After you've done the troubleshooting and isolated the problem, you issue the right commands to fix it. If you can do it by rote, cool. But often you'll end up knowing the right command but using the documentation to look up the right way to pass it particular info. Most of the time this is pretty quick. As long as the documentation you have covers that issue. In game, this may be the point where you grin maniacally and tell the players about that lost book that some minor power has and what they'll need to do to get it. Sometimes you don't even know the right command and that takes even more digging. This might be a way of implying that the PCs need some specialized magic they don't possess or a really tricky ingredient.

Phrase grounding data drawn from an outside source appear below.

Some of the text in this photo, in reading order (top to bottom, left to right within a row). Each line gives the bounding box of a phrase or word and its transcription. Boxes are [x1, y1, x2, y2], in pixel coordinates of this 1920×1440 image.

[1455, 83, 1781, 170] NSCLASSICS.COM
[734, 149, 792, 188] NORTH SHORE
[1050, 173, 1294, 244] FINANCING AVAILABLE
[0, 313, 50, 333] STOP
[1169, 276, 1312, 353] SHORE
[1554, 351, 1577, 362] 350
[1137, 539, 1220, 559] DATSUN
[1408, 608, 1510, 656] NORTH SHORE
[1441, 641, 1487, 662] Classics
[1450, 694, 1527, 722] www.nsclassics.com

I've met people with 15-20 years of experience in the field who still look things up. There's just too much to know to do everything by rote. I think the way magic is presented, it's supposed to have the same feel of being too complex to hold it all in your head at once.

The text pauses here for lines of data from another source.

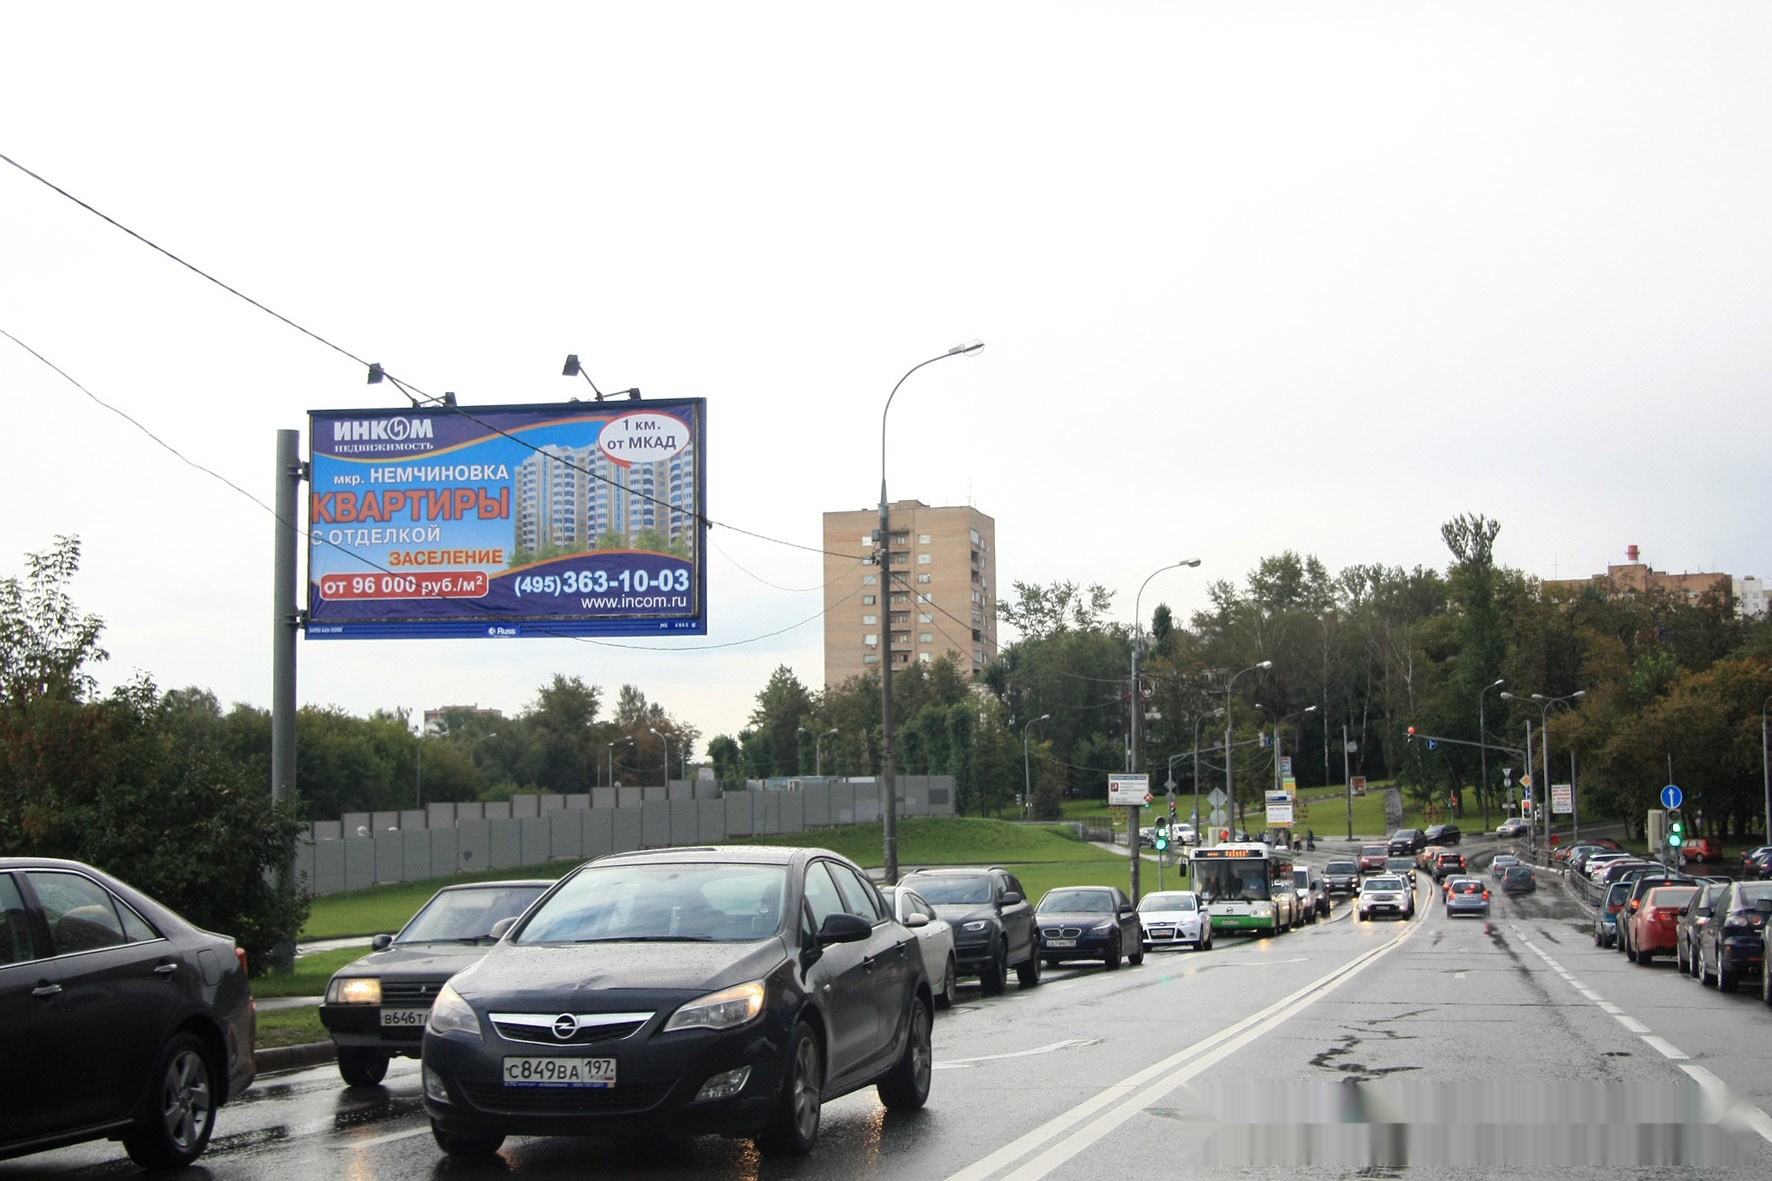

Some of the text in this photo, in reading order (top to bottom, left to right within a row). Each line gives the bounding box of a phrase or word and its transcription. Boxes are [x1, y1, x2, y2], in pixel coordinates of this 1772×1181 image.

[334, 416, 434, 441] ИНКОМ
[623, 419, 661, 431] 1 км.
[334, 442, 434, 453] НЕДВИЖИМОСТЬ
[607, 435, 677, 450] от МКАД
[334, 464, 510, 487] мкр. НЕМЧИНОВКА
[312, 488, 510, 523] КВАРТИРЫ
[328, 525, 441, 546] ОТДЕЛКОЙ
[388, 549, 505, 567] ЗАСЕЛЕНИЕ
[324, 581, 347, 594] от
[352, 577, 375, 594] 96
[381, 575, 417, 593] 000
[581, 594, 687, 609] www.incom.ru
[584, 1060, 612, 1075] 197
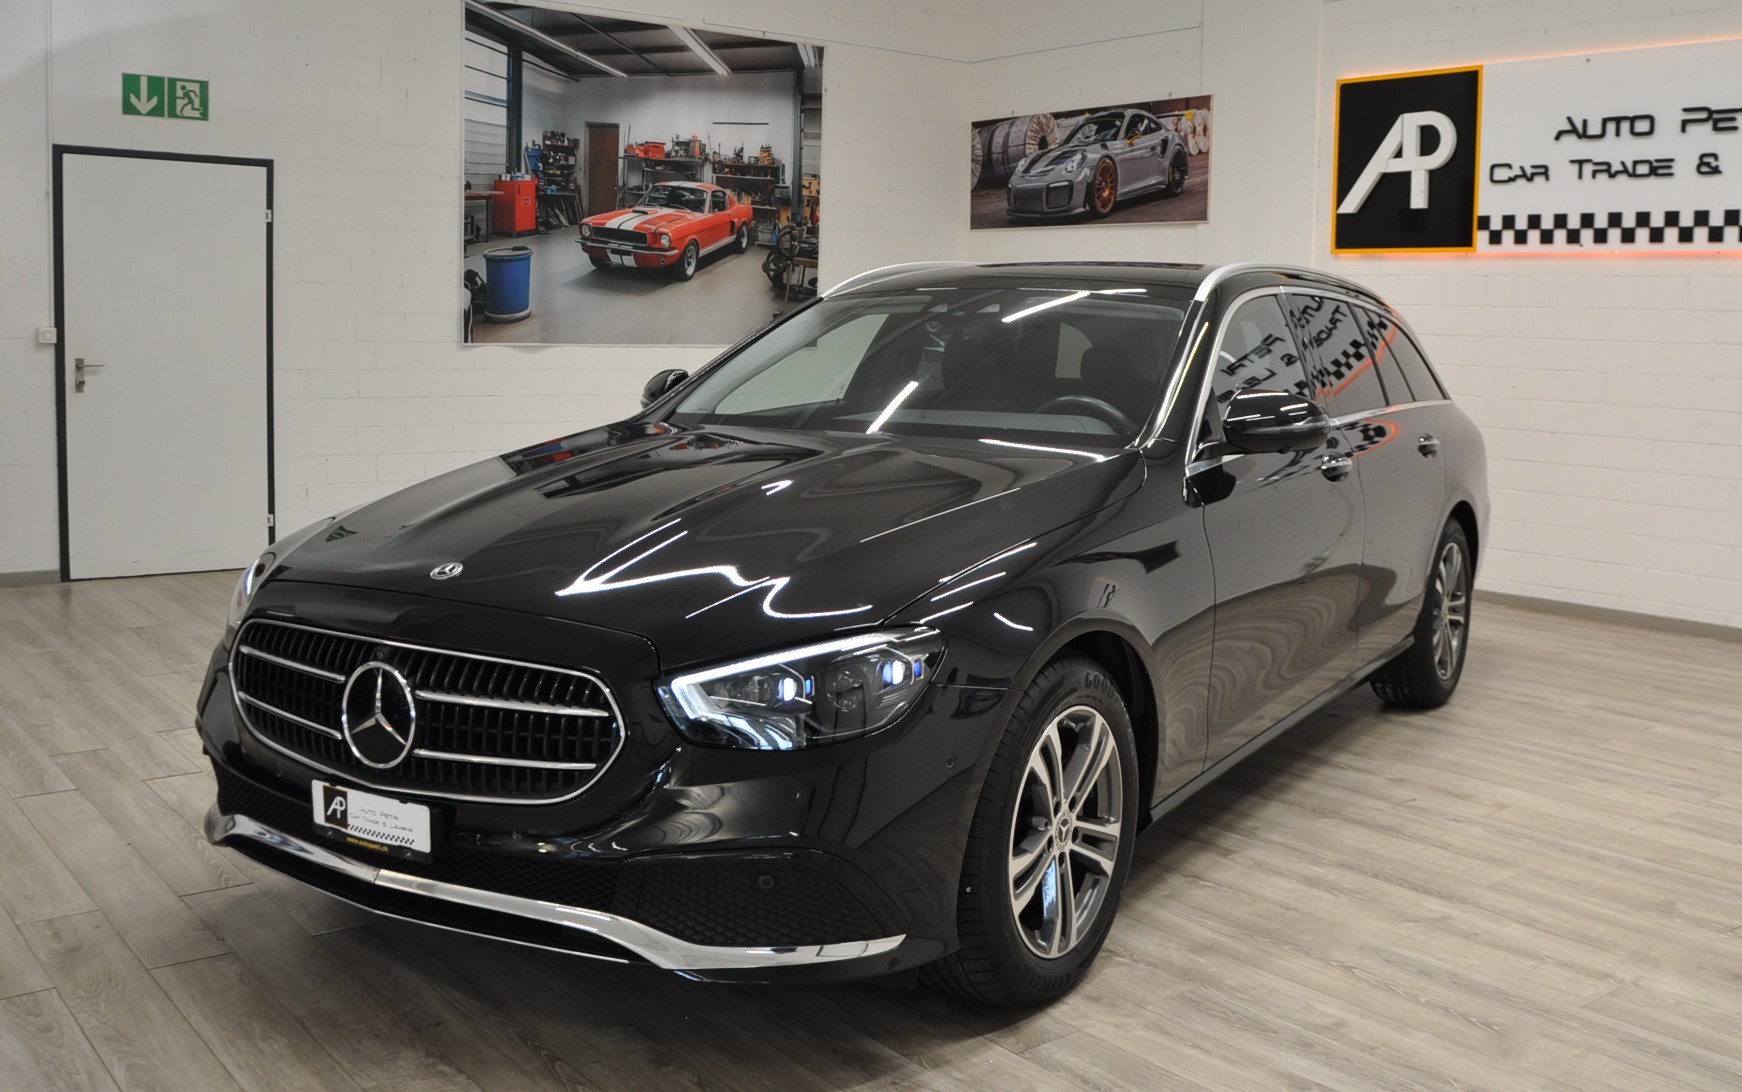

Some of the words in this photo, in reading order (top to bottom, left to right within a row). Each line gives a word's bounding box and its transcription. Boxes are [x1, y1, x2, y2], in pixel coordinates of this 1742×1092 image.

[1554, 114, 1655, 141] AUTO
[1681, 106, 1742, 133] PE
[1336, 110, 1457, 214] AP
[1489, 163, 1550, 183] CAR
[1569, 158, 1675, 180] TRADE
[1696, 152, 1722, 175] &

Oh, for sitting out... I generally only make players sit out if they're doing something that will add more oomph to them alone. I would feel kind of cheap if I made someone sit out just so they could unravel the info necessary for a plot I presented to develop. If it really required research, I'd just fast forward and pick up the timeline at the end of it, letting the other players do similar prep work. Something that helps the whole group really shouldn't be penalized. Although it would make convenient excuse for why their character was absent if they wanted to go buy food or something.
Title: Re: When the players know too much
Post by: Taran on June 20, 2011, 05:48:44 PM
Thanks for all the good tips.  I'd thought about the time chart...a little late after having the player make a bunch of Lore rolls, but I'll keep it in mind for things like this.

I really like having Lore roles tell you WHERE to find information, then make that information challenging to get access to - or at least have it be the justification for the Lore roll to take "half a day".

As far as having players sit out of scenes, I find it hard not to when the party splits up:

Player: "I go to the docks and talk to the workers to find info"
GM: "Sure, that will take a few hours.  Roll contacts"

 - Do mini scene of him talking to dock worker telling him the rumours -

Meanwhile everyone is watching.  Then I move on to the guy who gone to the Library to do research.
The scenes are short, but yes, some people are not involved.  Obviously, there are times when I just say "time passes and here's what you find out."

So, for me, it's almost the opposite.  The people doing research (and potentially forwarding the plot) get a scene and the people doing nothing get to watch.

I try not to have people sit out of important scenes where there will be conflicts.
Title: Re: When the players know too much
Post by: JustinS on June 21, 2011, 04:50:23 AM
Note that by taking lore 6, he is saying that his character is "The man with the answers", and some times he just should know amazing things. Consider the equivalent investigation 6 is Sherlock Holmes.

That said, 'you know the right book', 'you know who the expert on that topic is, and have been exchanging letter with it for years', 'you can whip up a quick magic ritual to deal with that, under the light of the full moon' all work.

You can also try to move the mystery farther away from the character. Destroy evidence. Give him 2nd hand answers from people who are confused or don't know what to look for. Give him a list of a few options that are possible so far, or eliminate some answers, but not all of them.